■ Task statement: Transcribe the records below in full; pictures stay out of the copy.

■ Source data:
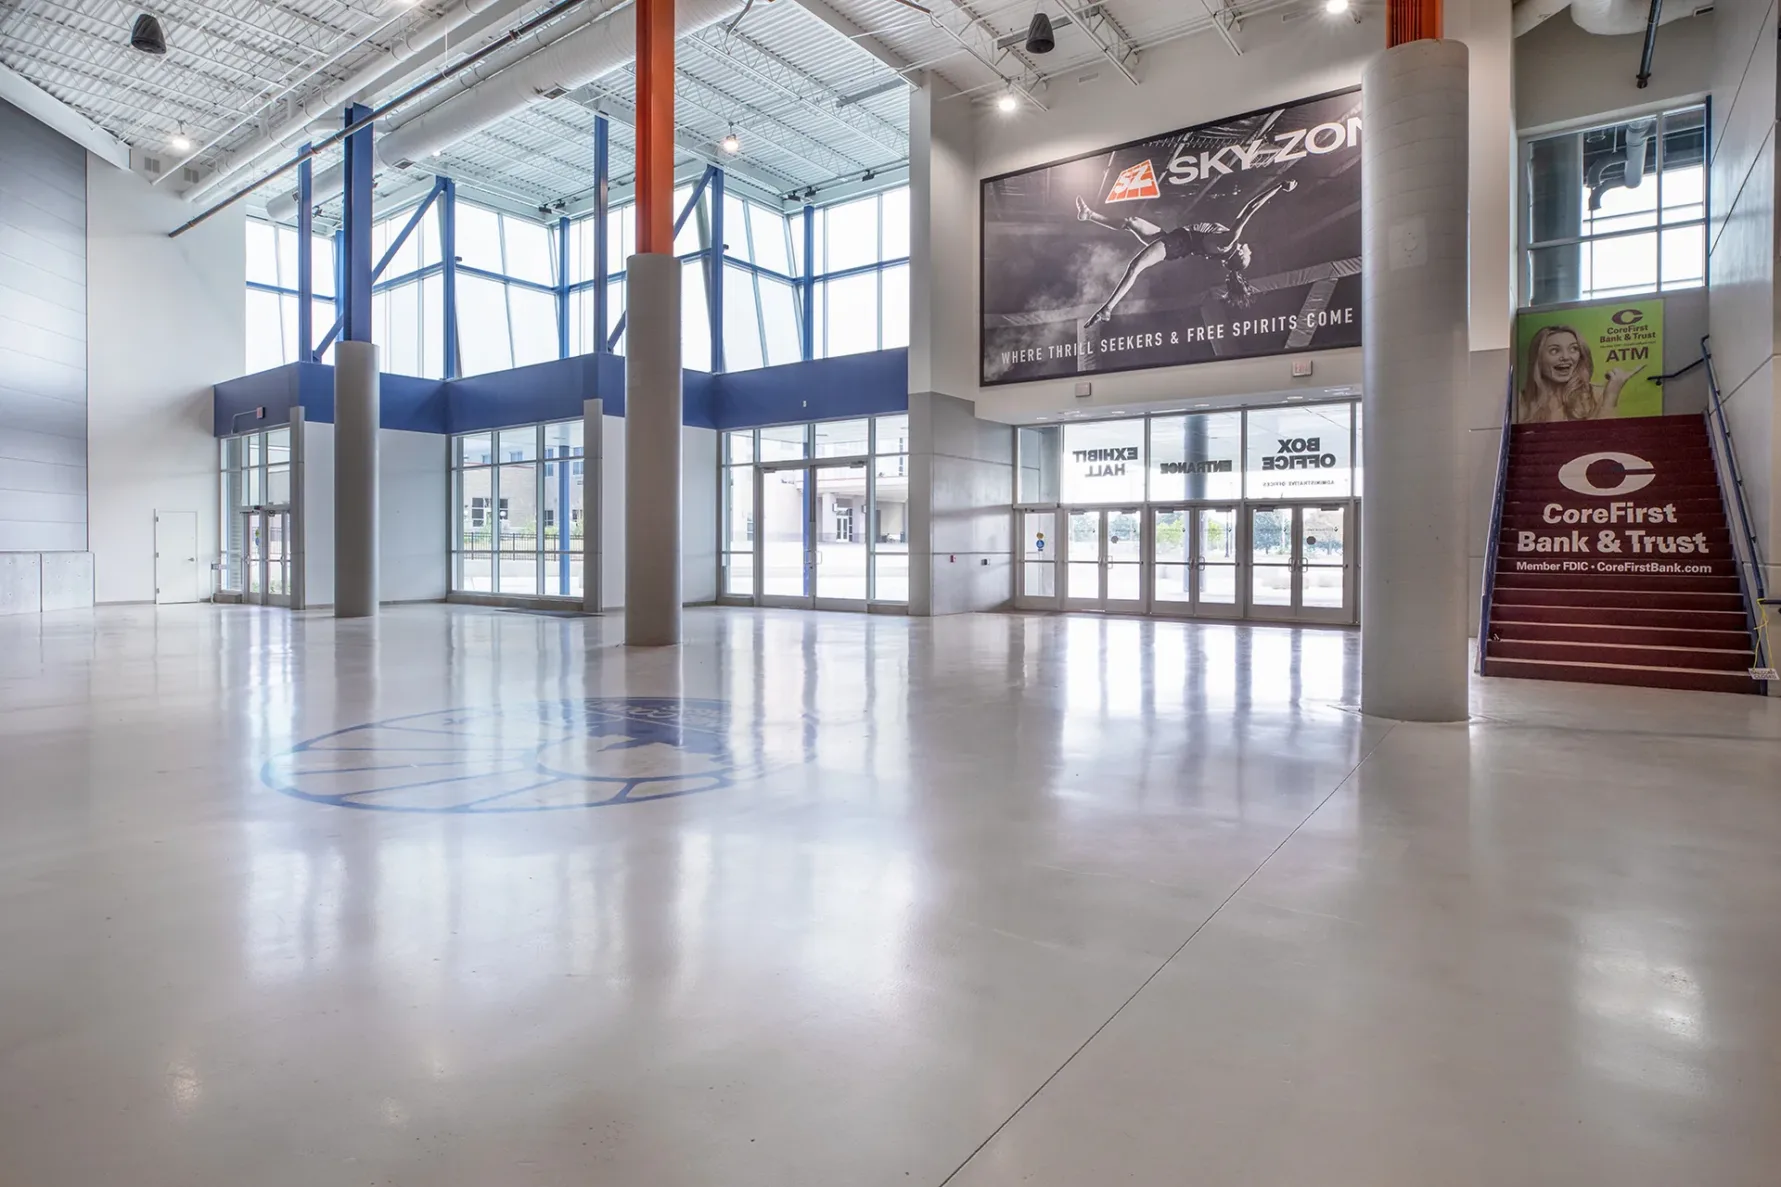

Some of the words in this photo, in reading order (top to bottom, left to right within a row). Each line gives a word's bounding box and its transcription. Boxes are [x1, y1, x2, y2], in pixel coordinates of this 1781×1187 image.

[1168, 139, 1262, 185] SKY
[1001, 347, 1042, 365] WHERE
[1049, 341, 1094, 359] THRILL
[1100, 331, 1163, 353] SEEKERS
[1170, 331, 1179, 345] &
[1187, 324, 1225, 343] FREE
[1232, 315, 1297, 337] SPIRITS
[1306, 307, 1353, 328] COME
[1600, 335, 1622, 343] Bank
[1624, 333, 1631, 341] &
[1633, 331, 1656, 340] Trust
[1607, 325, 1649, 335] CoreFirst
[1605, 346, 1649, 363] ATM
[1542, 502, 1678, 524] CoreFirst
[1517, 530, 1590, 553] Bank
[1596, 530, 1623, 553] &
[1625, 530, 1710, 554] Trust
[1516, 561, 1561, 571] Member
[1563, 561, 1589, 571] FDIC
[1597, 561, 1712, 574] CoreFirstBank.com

■ Response to this task:
Some of the words in this photo, in reading order (top to bottom, left to right within a row). Each line gives a word's bounding box and its transcription. Boxes are [x1, y1, x2, y2], in pixel coordinates of this 1781×1187 image.

[1168, 139, 1262, 185] SKY
[1001, 347, 1042, 365] WHERE
[1049, 341, 1094, 359] THRILL
[1100, 331, 1163, 353] SEEKERS
[1170, 331, 1179, 345] &
[1187, 324, 1225, 343] FREE
[1232, 315, 1297, 337] SPIRITS
[1306, 307, 1353, 328] COME
[1600, 335, 1622, 343] Bank
[1624, 333, 1631, 341] &
[1633, 331, 1656, 340] Trust
[1607, 325, 1649, 335] CoreFirst
[1605, 346, 1649, 363] ATM
[1542, 502, 1678, 524] CoreFirst
[1517, 530, 1590, 553] Bank
[1596, 530, 1623, 553] &
[1625, 530, 1710, 554] Trust
[1516, 561, 1561, 571] Member
[1563, 561, 1589, 571] FDIC
[1597, 561, 1712, 574] CoreFirstBank.com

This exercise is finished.